- _DIRECTIONS FOR THIS TASK_
All of the data below is to be returned unaltered.

[Text-to-region grounding data]
###
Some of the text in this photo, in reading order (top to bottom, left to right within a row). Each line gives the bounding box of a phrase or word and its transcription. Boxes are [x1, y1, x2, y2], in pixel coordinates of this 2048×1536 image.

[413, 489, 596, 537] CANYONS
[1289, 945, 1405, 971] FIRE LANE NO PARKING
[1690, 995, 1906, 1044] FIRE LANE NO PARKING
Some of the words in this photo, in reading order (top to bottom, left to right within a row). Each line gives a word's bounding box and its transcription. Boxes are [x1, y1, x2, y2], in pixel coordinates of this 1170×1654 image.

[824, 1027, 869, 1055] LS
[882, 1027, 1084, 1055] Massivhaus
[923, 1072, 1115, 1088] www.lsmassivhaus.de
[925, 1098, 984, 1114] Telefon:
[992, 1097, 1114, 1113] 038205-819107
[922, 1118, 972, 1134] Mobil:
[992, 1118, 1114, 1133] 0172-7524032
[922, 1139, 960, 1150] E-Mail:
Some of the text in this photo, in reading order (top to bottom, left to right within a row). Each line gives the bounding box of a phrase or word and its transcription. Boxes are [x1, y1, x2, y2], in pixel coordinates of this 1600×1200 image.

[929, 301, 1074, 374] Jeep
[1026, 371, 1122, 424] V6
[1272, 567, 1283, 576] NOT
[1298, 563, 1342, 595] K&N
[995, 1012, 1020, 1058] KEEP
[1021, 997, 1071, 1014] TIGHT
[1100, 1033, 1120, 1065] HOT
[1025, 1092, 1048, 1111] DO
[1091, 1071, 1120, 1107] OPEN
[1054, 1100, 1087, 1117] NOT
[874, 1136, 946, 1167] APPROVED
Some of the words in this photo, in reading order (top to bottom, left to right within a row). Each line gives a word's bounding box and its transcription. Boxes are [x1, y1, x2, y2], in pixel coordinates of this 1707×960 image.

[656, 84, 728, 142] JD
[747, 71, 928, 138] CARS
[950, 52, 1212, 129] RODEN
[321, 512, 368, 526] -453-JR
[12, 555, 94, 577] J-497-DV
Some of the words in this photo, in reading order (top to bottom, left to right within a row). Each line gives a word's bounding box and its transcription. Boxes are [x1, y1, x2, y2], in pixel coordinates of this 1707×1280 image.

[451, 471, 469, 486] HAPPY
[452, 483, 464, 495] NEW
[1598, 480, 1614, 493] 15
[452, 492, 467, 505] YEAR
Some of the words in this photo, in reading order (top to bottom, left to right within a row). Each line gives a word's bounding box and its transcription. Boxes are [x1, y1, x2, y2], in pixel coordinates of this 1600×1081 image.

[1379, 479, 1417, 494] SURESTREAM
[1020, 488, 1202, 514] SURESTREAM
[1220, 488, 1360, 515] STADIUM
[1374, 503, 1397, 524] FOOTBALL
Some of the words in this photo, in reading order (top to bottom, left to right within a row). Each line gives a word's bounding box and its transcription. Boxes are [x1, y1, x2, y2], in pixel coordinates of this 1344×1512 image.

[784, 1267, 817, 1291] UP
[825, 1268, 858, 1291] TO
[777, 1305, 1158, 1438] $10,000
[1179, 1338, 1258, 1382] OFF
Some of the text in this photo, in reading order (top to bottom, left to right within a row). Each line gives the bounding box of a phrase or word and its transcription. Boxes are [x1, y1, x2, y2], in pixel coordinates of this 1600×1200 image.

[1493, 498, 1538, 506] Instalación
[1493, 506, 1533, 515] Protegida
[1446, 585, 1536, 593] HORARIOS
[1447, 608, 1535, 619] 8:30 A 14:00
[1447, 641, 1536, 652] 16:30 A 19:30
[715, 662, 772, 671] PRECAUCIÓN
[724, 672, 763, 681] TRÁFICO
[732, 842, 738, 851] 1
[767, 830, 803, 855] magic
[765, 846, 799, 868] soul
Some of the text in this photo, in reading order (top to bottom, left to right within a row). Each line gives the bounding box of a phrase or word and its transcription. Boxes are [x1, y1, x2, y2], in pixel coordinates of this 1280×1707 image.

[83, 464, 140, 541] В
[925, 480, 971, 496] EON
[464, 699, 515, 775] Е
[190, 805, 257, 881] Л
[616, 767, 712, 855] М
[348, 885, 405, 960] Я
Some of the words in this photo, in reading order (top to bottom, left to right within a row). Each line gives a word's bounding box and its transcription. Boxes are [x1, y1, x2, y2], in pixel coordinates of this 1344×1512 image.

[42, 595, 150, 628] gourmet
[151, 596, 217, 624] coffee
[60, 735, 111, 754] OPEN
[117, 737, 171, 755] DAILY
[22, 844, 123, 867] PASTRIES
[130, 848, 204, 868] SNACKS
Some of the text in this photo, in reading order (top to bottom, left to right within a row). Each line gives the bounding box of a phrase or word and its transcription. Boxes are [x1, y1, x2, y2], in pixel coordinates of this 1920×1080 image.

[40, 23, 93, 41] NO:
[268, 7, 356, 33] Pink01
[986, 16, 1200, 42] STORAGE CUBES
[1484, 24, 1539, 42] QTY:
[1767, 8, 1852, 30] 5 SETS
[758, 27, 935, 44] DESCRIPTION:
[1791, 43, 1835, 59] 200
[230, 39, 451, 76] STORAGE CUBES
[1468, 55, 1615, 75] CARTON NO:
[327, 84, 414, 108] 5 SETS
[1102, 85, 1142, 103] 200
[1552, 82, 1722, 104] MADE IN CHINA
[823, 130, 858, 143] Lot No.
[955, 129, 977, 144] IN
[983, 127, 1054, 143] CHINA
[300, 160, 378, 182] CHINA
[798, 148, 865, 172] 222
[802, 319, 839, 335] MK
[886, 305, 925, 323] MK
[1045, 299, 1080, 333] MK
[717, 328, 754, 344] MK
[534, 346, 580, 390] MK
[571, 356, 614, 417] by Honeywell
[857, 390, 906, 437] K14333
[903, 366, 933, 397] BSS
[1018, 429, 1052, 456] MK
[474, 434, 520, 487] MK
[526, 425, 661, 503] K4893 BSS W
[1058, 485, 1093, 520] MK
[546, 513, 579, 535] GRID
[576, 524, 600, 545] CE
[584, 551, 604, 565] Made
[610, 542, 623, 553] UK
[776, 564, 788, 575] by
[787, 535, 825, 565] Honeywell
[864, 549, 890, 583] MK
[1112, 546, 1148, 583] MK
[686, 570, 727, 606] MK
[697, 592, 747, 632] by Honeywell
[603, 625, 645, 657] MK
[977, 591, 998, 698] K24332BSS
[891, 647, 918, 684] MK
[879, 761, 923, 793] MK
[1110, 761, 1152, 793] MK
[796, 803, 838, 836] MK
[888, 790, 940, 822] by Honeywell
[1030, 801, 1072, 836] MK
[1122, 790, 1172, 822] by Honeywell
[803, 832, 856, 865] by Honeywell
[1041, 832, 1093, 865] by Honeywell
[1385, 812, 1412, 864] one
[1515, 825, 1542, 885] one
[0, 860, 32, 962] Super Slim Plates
###
- _ANSWER TO THE PROBLEM_
Some of the text in this photo, in reading order (top to bottom, left to right within a row). Each line gives the bounding box of a phrase or word and its transcription. Boxes are [x1, y1, x2, y2], in pixel coordinates of this 2048×1536 image.

[413, 489, 596, 537] CANYONS
[1289, 945, 1405, 971] FIRE LANE NO PARKING
[1690, 995, 1906, 1044] FIRE LANE NO PARKING
Some of the words in this photo, in reading order (top to bottom, left to right within a row). Each line gives a word's bounding box and its transcription. Boxes are [x1, y1, x2, y2], in pixel coordinates of this 1170×1654 image.

[824, 1027, 869, 1055] LS
[882, 1027, 1084, 1055] Massivhaus
[923, 1072, 1115, 1088] www.lsmassivhaus.de
[925, 1098, 984, 1114] Telefon:
[992, 1097, 1114, 1113] 038205-819107
[922, 1118, 972, 1134] Mobil:
[992, 1118, 1114, 1133] 0172-7524032
[922, 1139, 960, 1150] E-Mail:
Some of the text in this photo, in reading order (top to bottom, left to right within a row). Each line gives the bounding box of a phrase or word and its transcription. Boxes are [x1, y1, x2, y2], in pixel coordinates of this 1600×1200 image.

[929, 301, 1074, 374] Jeep
[1026, 371, 1122, 424] V6
[1272, 567, 1283, 576] NOT
[1298, 563, 1342, 595] K&N
[995, 1012, 1020, 1058] KEEP
[1021, 997, 1071, 1014] TIGHT
[1100, 1033, 1120, 1065] HOT
[1025, 1092, 1048, 1111] DO
[1091, 1071, 1120, 1107] OPEN
[1054, 1100, 1087, 1117] NOT
[874, 1136, 946, 1167] APPROVED
Some of the words in this photo, in reading order (top to bottom, left to right within a row). Each line gives a word's bounding box and its transcription. Boxes are [x1, y1, x2, y2], in pixel coordinates of this 1707×960 image.

[656, 84, 728, 142] JD
[747, 71, 928, 138] CARS
[950, 52, 1212, 129] RODEN
[321, 512, 368, 526] -453-JR
[12, 555, 94, 577] J-497-DV
Some of the words in this photo, in reading order (top to bottom, left to right within a row). Each line gives a word's bounding box and its transcription. Boxes are [x1, y1, x2, y2], in pixel coordinates of this 1707×1280 image.

[451, 471, 469, 486] HAPPY
[452, 483, 464, 495] NEW
[1598, 480, 1614, 493] 15
[452, 492, 467, 505] YEAR
Some of the words in this photo, in reading order (top to bottom, left to right within a row). Each line gives a word's bounding box and its transcription. Boxes are [x1, y1, x2, y2], in pixel coordinates of this 1600×1081 image.

[1379, 479, 1417, 494] SURESTREAM
[1020, 488, 1202, 514] SURESTREAM
[1220, 488, 1360, 515] STADIUM
[1374, 503, 1397, 524] FOOTBALL
Some of the words in this photo, in reading order (top to bottom, left to right within a row). Each line gives a word's bounding box and its transcription. Boxes are [x1, y1, x2, y2], in pixel coordinates of this 1344×1512 image.

[784, 1267, 817, 1291] UP
[825, 1268, 858, 1291] TO
[777, 1305, 1158, 1438] $10,000
[1179, 1338, 1258, 1382] OFF
Some of the text in this photo, in reading order (top to bottom, left to right within a row). Each line gives the bounding box of a phrase or word and its transcription. Boxes are [x1, y1, x2, y2], in pixel coordinates of this 1600×1200 image.

[1493, 498, 1538, 506] Instalación
[1493, 506, 1533, 515] Protegida
[1446, 585, 1536, 593] HORARIOS
[1447, 608, 1535, 619] 8:30 A 14:00
[1447, 641, 1536, 652] 16:30 A 19:30
[715, 662, 772, 671] PRECAUCIÓN
[724, 672, 763, 681] TRÁFICO
[732, 842, 738, 851] 1
[767, 830, 803, 855] magic
[765, 846, 799, 868] soul
Some of the text in this photo, in reading order (top to bottom, left to right within a row). Each line gives the bounding box of a phrase or word and its transcription. Boxes are [x1, y1, x2, y2], in pixel coordinates of this 1280×1707 image.

[83, 464, 140, 541] В
[925, 480, 971, 496] EON
[464, 699, 515, 775] Е
[190, 805, 257, 881] Л
[616, 767, 712, 855] М
[348, 885, 405, 960] Я
Some of the words in this photo, in reading order (top to bottom, left to right within a row). Each line gives a word's bounding box and its transcription. Boxes are [x1, y1, x2, y2], in pixel coordinates of this 1344×1512 image.

[42, 595, 150, 628] gourmet
[151, 596, 217, 624] coffee
[60, 735, 111, 754] OPEN
[117, 737, 171, 755] DAILY
[22, 844, 123, 867] PASTRIES
[130, 848, 204, 868] SNACKS
Some of the text in this photo, in reading order (top to bottom, left to right within a row). Each line gives the bounding box of a phrase or word and its transcription. Boxes are [x1, y1, x2, y2], in pixel coordinates of this 1920×1080 image.

[40, 23, 93, 41] NO:
[268, 7, 356, 33] Pink01
[986, 16, 1200, 42] STORAGE CUBES
[1484, 24, 1539, 42] QTY:
[1767, 8, 1852, 30] 5 SETS
[758, 27, 935, 44] DESCRIPTION:
[1791, 43, 1835, 59] 200
[230, 39, 451, 76] STORAGE CUBES
[1468, 55, 1615, 75] CARTON NO:
[327, 84, 414, 108] 5 SETS
[1102, 85, 1142, 103] 200
[1552, 82, 1722, 104] MADE IN CHINA
[823, 130, 858, 143] Lot No.
[955, 129, 977, 144] IN
[983, 127, 1054, 143] CHINA
[300, 160, 378, 182] CHINA
[798, 148, 865, 172] 222
[802, 319, 839, 335] MK
[886, 305, 925, 323] MK
[1045, 299, 1080, 333] MK
[717, 328, 754, 344] MK
[534, 346, 580, 390] MK
[571, 356, 614, 417] by Honeywell
[857, 390, 906, 437] K14333
[903, 366, 933, 397] BSS
[1018, 429, 1052, 456] MK
[474, 434, 520, 487] MK
[526, 425, 661, 503] K4893 BSS W
[1058, 485, 1093, 520] MK
[546, 513, 579, 535] GRID
[576, 524, 600, 545] CE
[584, 551, 604, 565] Made
[610, 542, 623, 553] UK
[776, 564, 788, 575] by
[787, 535, 825, 565] Honeywell
[864, 549, 890, 583] MK
[1112, 546, 1148, 583] MK
[686, 570, 727, 606] MK
[697, 592, 747, 632] by Honeywell
[603, 625, 645, 657] MK
[977, 591, 998, 698] K24332BSS
[891, 647, 918, 684] MK
[879, 761, 923, 793] MK
[1110, 761, 1152, 793] MK
[796, 803, 838, 836] MK
[888, 790, 940, 822] by Honeywell
[1030, 801, 1072, 836] MK
[1122, 790, 1172, 822] by Honeywell
[803, 832, 856, 865] by Honeywell
[1041, 832, 1093, 865] by Honeywell
[1385, 812, 1412, 864] one
[1515, 825, 1542, 885] one
[0, 860, 32, 962] Super Slim Plates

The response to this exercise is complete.